-- EXERCISE BRIEF --
In the entries below, find the lines that contain the word "phrase" and copy them.

-- EXERCISE MATERIALS --
-- Opening Marker --

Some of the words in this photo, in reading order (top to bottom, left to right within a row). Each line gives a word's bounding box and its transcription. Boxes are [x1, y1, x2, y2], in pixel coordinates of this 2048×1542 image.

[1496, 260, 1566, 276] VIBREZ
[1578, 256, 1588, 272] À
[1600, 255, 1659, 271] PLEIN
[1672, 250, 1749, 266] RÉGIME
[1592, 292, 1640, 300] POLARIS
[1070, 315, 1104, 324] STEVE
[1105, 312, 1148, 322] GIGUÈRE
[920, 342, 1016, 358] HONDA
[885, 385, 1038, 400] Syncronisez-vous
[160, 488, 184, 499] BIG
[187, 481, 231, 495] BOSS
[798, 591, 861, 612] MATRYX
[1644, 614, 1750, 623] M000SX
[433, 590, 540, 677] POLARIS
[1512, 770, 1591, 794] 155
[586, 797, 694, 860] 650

-- Closing Marker --
-- Opening Marker --

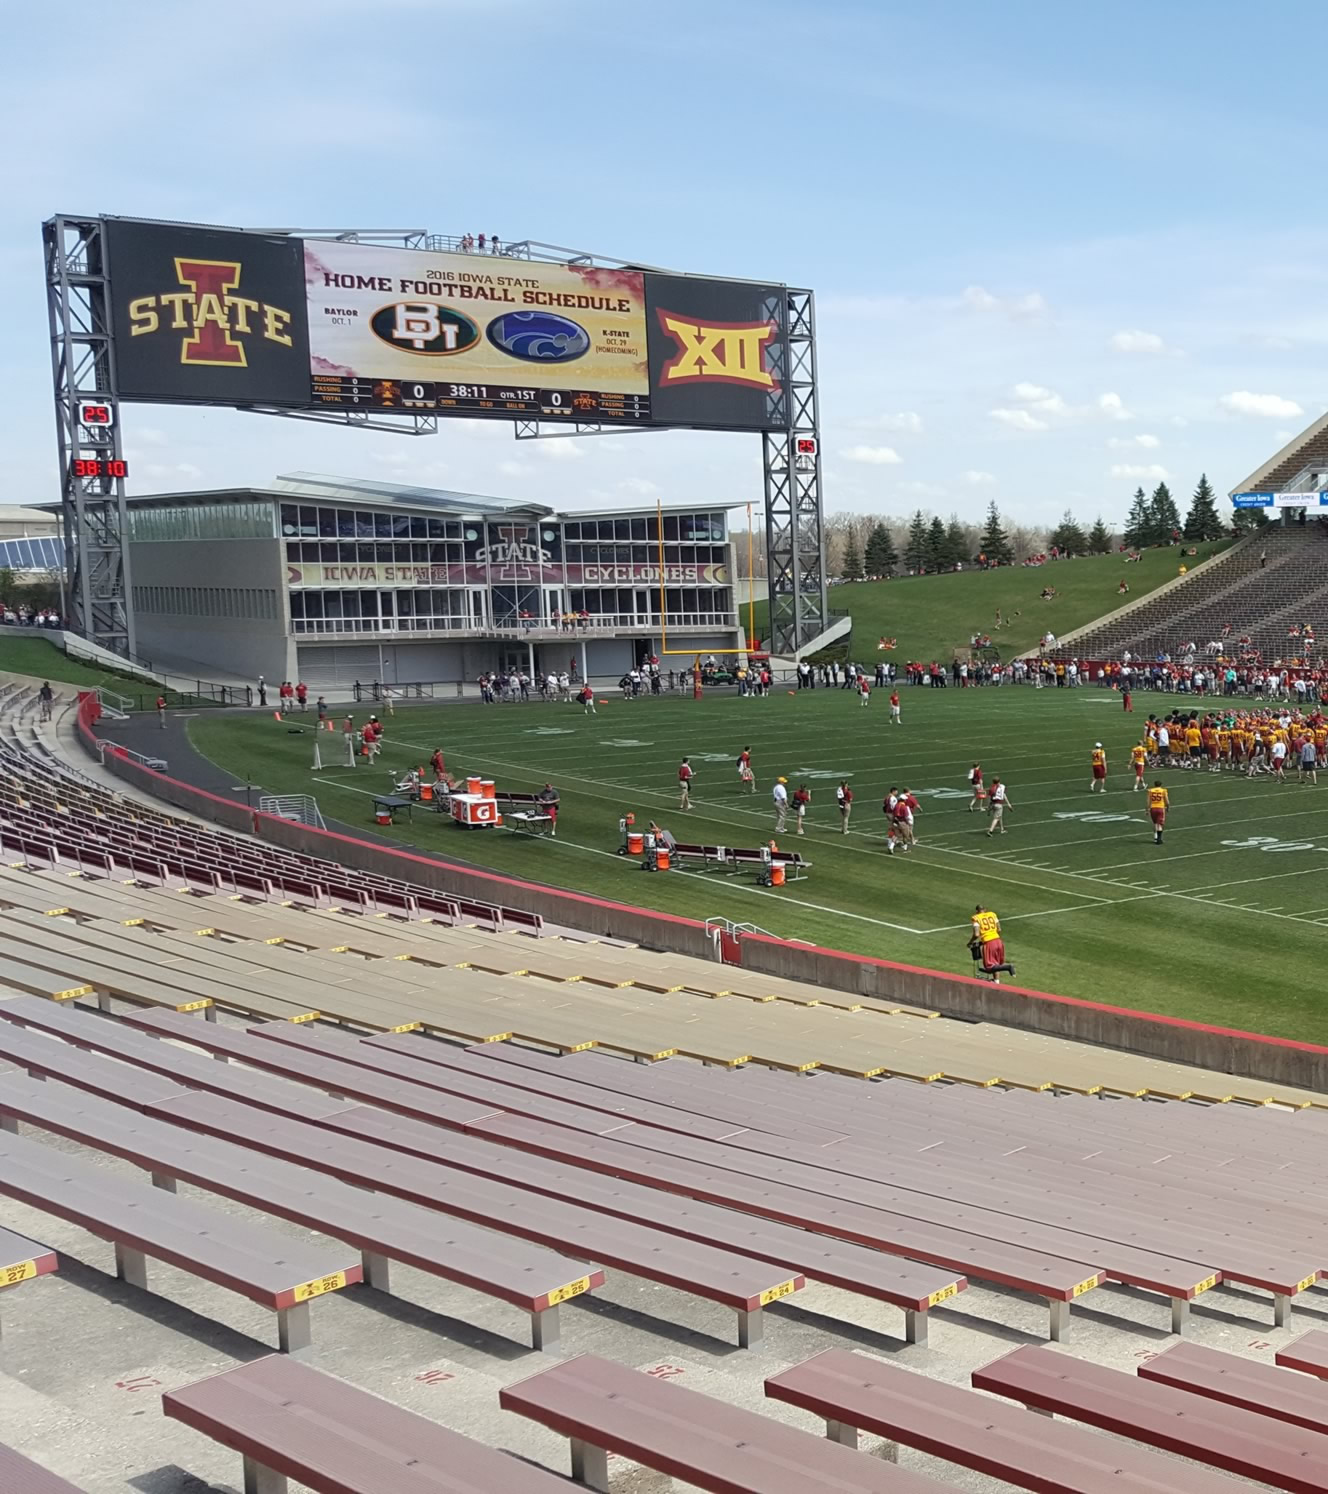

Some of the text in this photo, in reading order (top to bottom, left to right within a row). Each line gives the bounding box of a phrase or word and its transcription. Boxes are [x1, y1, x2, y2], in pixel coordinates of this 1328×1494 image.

-- Closing Marker --
-- Opening Marker --

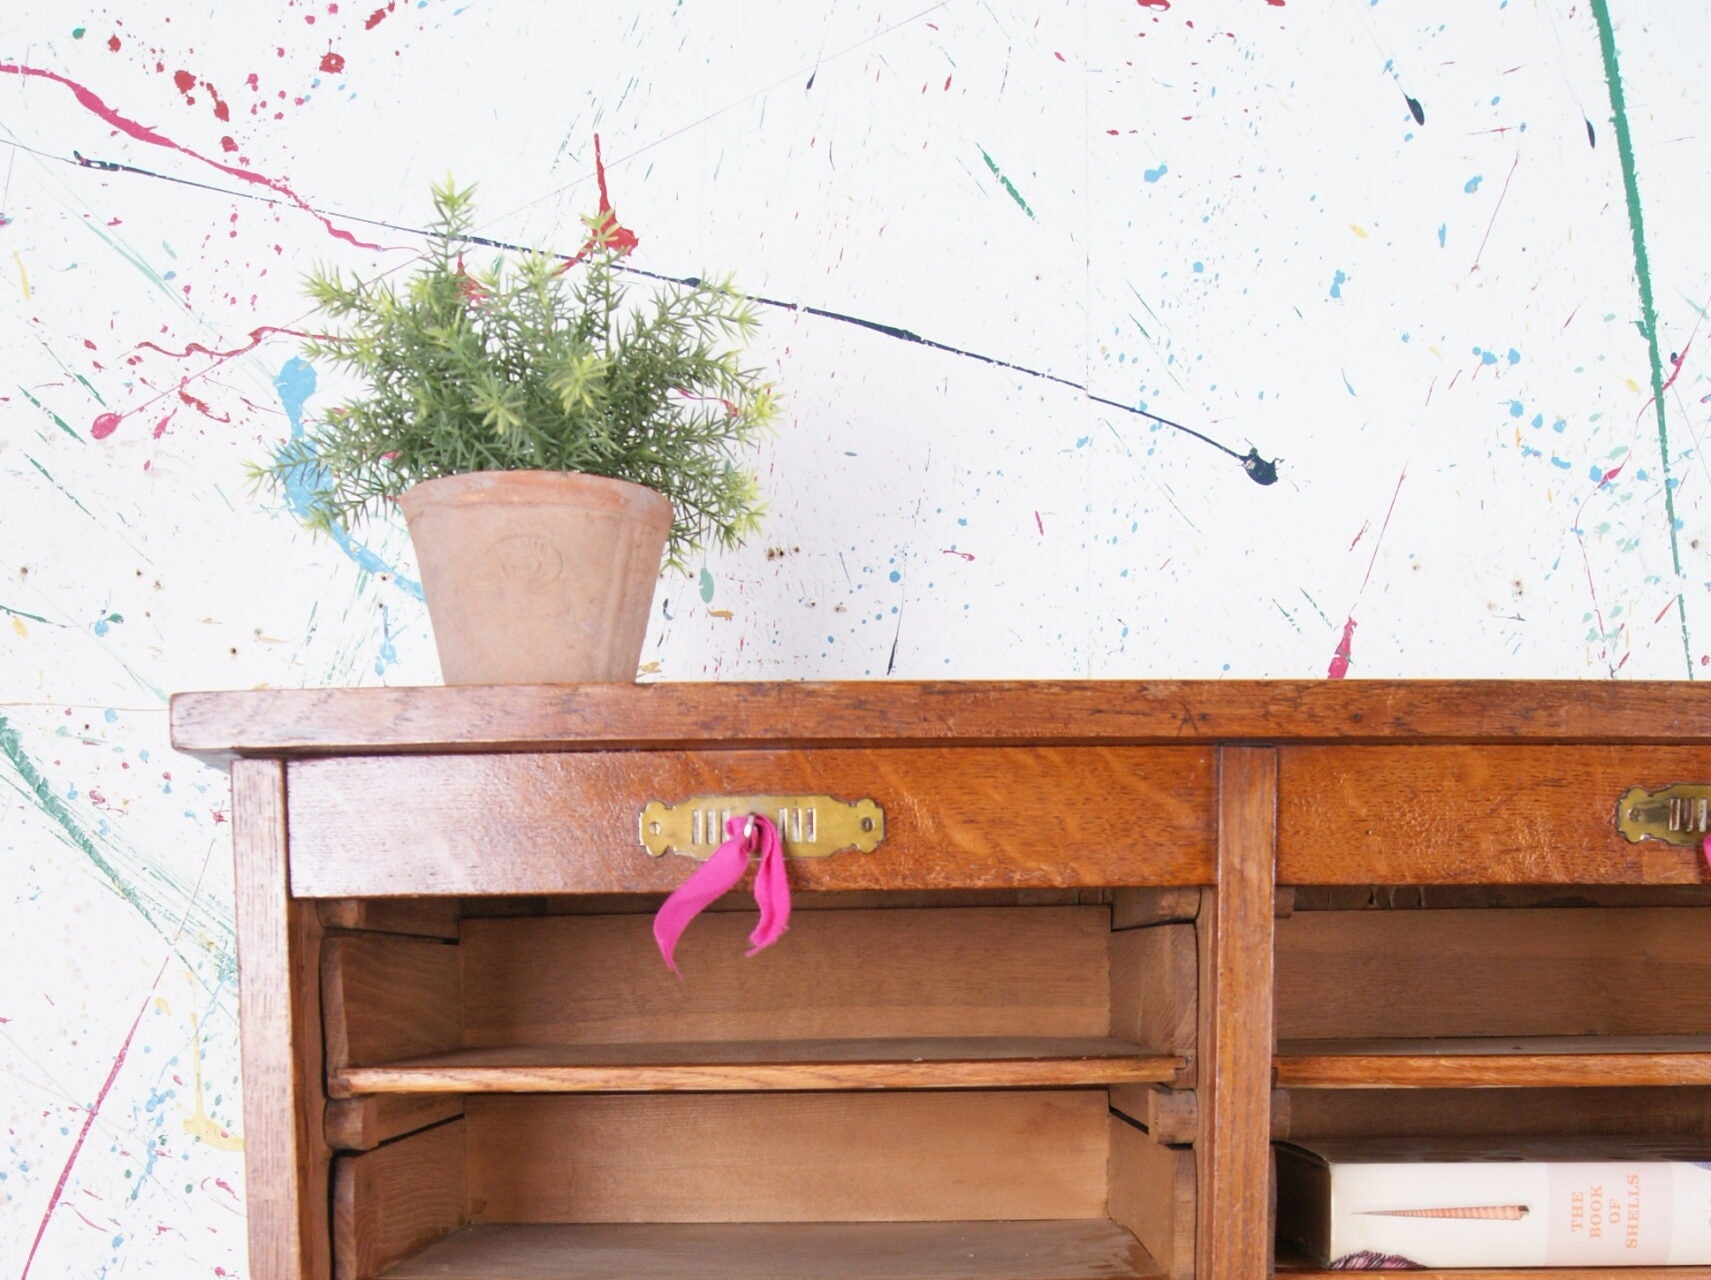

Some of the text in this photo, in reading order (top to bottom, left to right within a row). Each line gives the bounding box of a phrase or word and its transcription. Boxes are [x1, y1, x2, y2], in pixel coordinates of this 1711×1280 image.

-- Closing Marker --

-- RESPONSE TO THE EXERCISE --
Some of the text in this photo, in reading order (top to bottom, left to right within a row). Each line gives the bounding box of a phrase or word and its transcription. Boxes are [x1, y1, x2, y2], in pixel coordinates of this 1328×1494 image.
Some of the text in this photo, in reading order (top to bottom, left to right within a row). Each line gives the bounding box of a phrase or word and its transcription. Boxes are [x1, y1, x2, y2], in pixel coordinates of this 1711×1280 image.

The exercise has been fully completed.